START Data extract
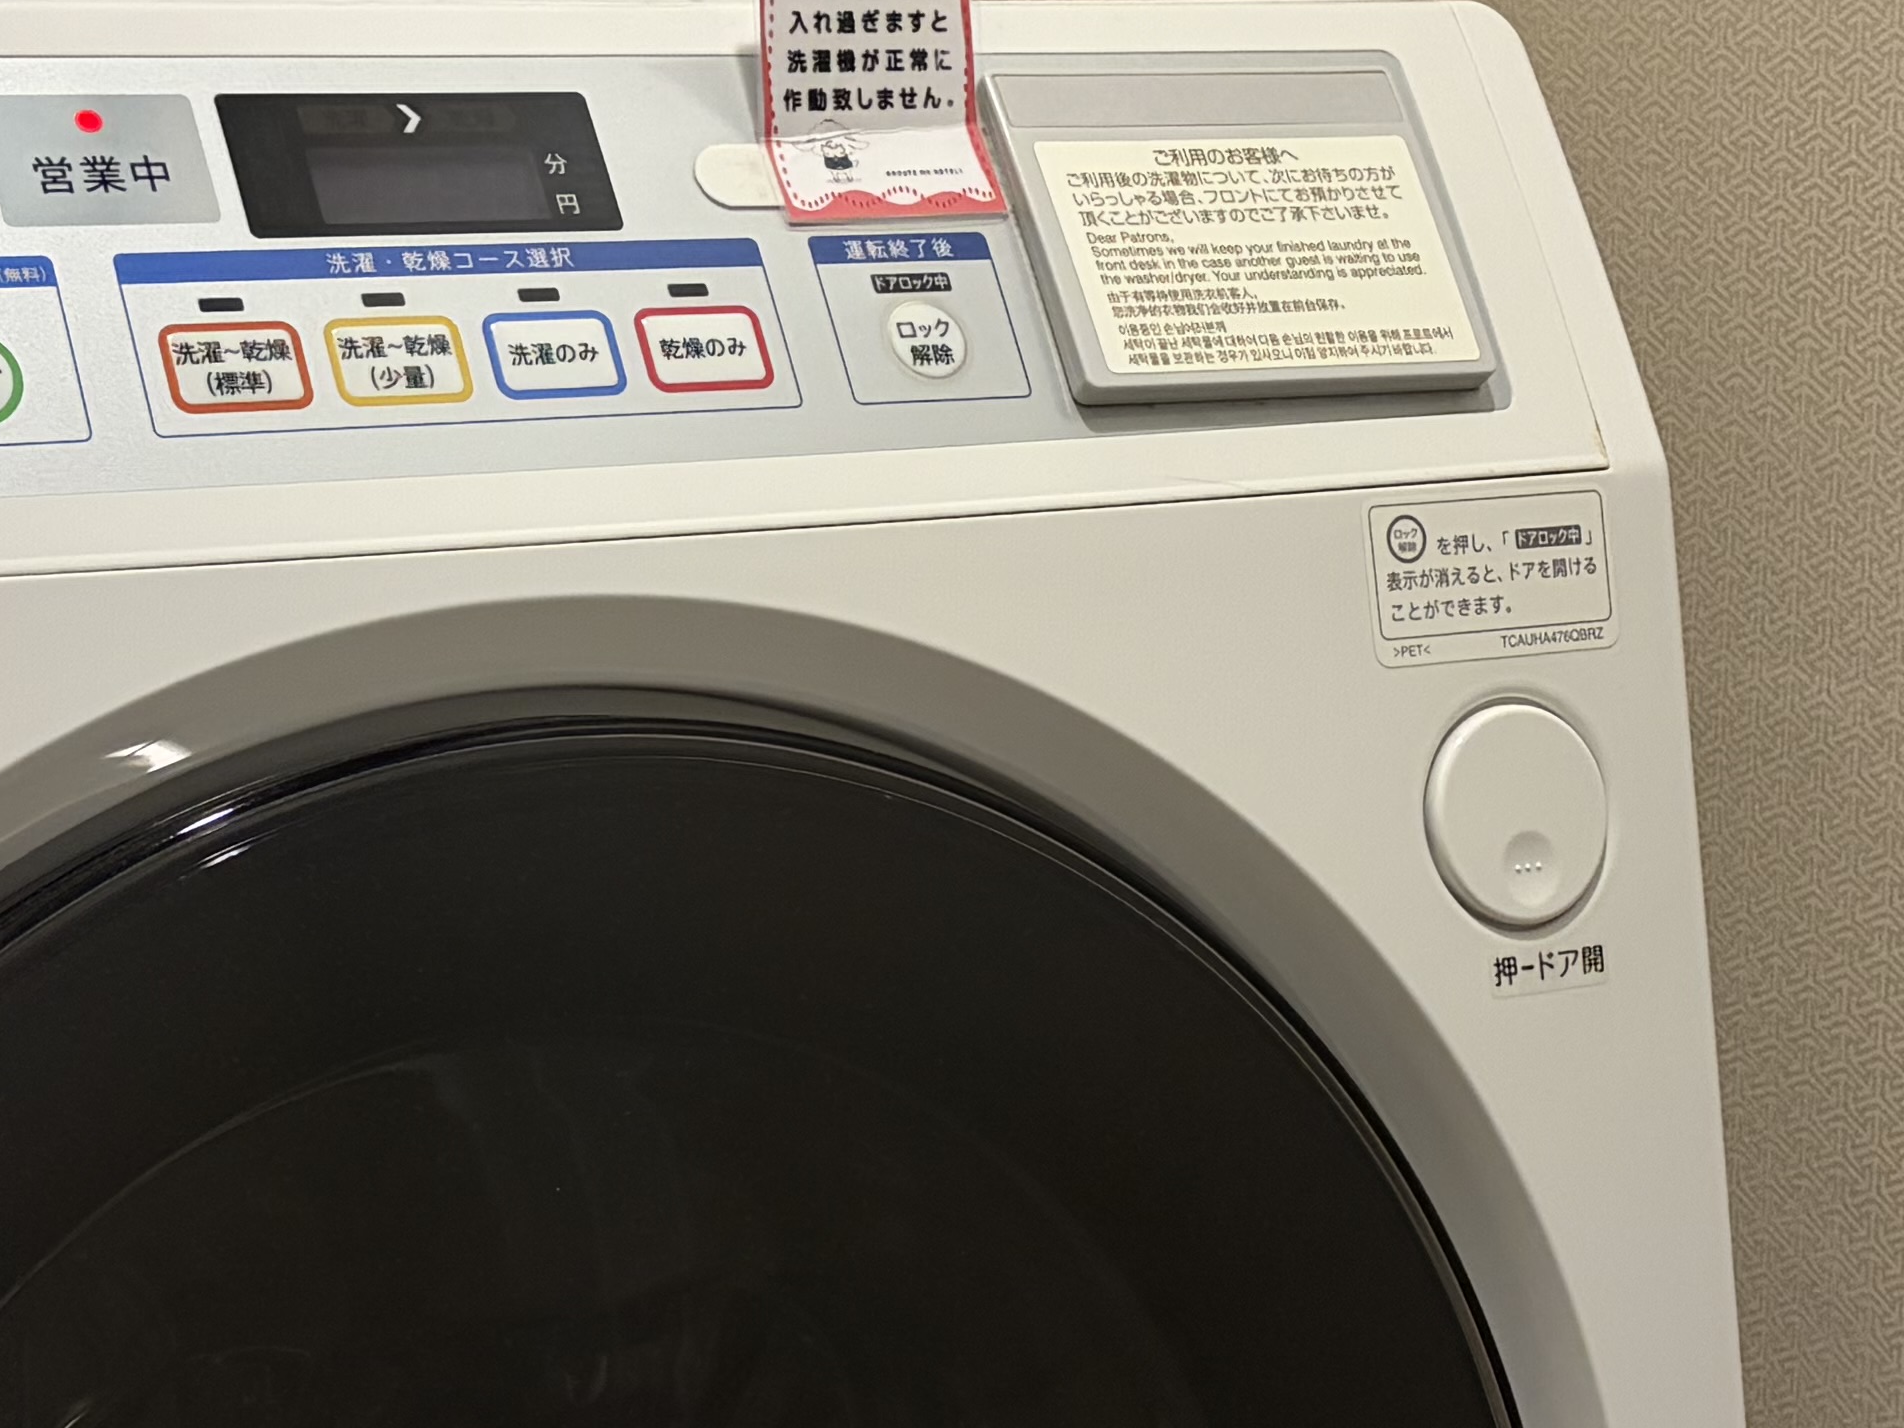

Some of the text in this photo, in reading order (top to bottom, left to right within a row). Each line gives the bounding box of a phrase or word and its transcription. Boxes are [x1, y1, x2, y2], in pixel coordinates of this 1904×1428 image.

[788, 9, 949, 35] 入れ過ぎますと
[786, 47, 954, 74] 洗濯機が正常に
[782, 86, 956, 113] 作動致しません。
[544, 152, 569, 176] 分
[1152, 146, 1299, 167] ご利用のお客様へ
[32, 154, 171, 196] 営業中
[1066, 165, 1396, 189] ご利用後の洗濯物について、次にお待ちの方が
[555, 194, 581, 216] 円
[1072, 184, 1403, 207] いらっしゃる場合、フロントにてお預かりさせて
[842, 237, 955, 261] 運転終了後
[1086, 230, 1175, 244] Dear Patrons,
[1091, 237, 1411, 258] Sometimes we will keep your finished laundry at the
[1095, 259, 1126, 271] front
[1129, 258, 1160, 271] desk
[1163, 258, 1175, 269] in
[1178, 257, 1198, 269] the
[1201, 258, 1232, 268] case
[1234, 254, 1281, 267] another
[1285, 254, 1320, 268] guest
[1336, 251, 1380, 266] waiting
[1383, 251, 1396, 263] to
[1398, 251, 1420, 262] use
[872, 273, 950, 292] ドアロック中
[1100, 272, 1122, 285] the
[1124, 270, 1210, 286] washer/dryer.
[1213, 270, 1241, 282] Your
[1244, 267, 1335, 281] understanding
[1350, 264, 1427, 280] appreciated.
[897, 318, 950, 340] ロック
[507, 341, 600, 367] 洗濯のみ
[658, 335, 748, 362] 乾燥のみ
[909, 343, 956, 365] 解除
[206, 369, 273, 397] (標準)
[370, 363, 436, 391] (少量)
[1386, 556, 1598, 592] 表示が消えると、ドアを開ける
[1391, 594, 1514, 622] ことができます。
END Data extract
> **Assigned task**: The entries above need to be transcribed word for word, and the pictures stay out.

> **Finished task**:
Some of the text in this photo, in reading order (top to bottom, left to right within a row). Each line gives the bounding box of a phrase or word and its transcription. Boxes are [x1, y1, x2, y2], in pixel coordinates of this 1904×1428 image.

[788, 9, 949, 35] 入れ過ぎますと
[786, 47, 954, 74] 洗濯機が正常に
[782, 86, 956, 113] 作動致しません。
[544, 152, 569, 176] 分
[1152, 146, 1299, 167] ご利用のお客様へ
[32, 154, 171, 196] 営業中
[1066, 165, 1396, 189] ご利用後の洗濯物について、次にお待ちの方が
[555, 194, 581, 216] 円
[1072, 184, 1403, 207] いらっしゃる場合、フロントにてお預かりさせて
[842, 237, 955, 261] 運転終了後
[1086, 230, 1175, 244] Dear Patrons,
[1091, 237, 1411, 258] Sometimes we will keep your finished laundry at the
[1095, 259, 1126, 271] front
[1129, 258, 1160, 271] desk
[1163, 258, 1175, 269] in
[1178, 257, 1198, 269] the
[1201, 258, 1232, 268] case
[1234, 254, 1281, 267] another
[1285, 254, 1320, 268] guest
[1336, 251, 1380, 266] waiting
[1383, 251, 1396, 263] to
[1398, 251, 1420, 262] use
[872, 273, 950, 292] ドアロック中
[1100, 272, 1122, 285] the
[1124, 270, 1210, 286] washer/dryer.
[1213, 270, 1241, 282] Your
[1244, 267, 1335, 281] understanding
[1350, 264, 1427, 280] appreciated.
[897, 318, 950, 340] ロック
[507, 341, 600, 367] 洗濯のみ
[658, 335, 748, 362] 乾燥のみ
[909, 343, 956, 365] 解除
[206, 369, 273, 397] (標準)
[370, 363, 436, 391] (少量)
[1386, 556, 1598, 592] 表示が消えると、ドアを開ける
[1391, 594, 1514, 622] ことができます。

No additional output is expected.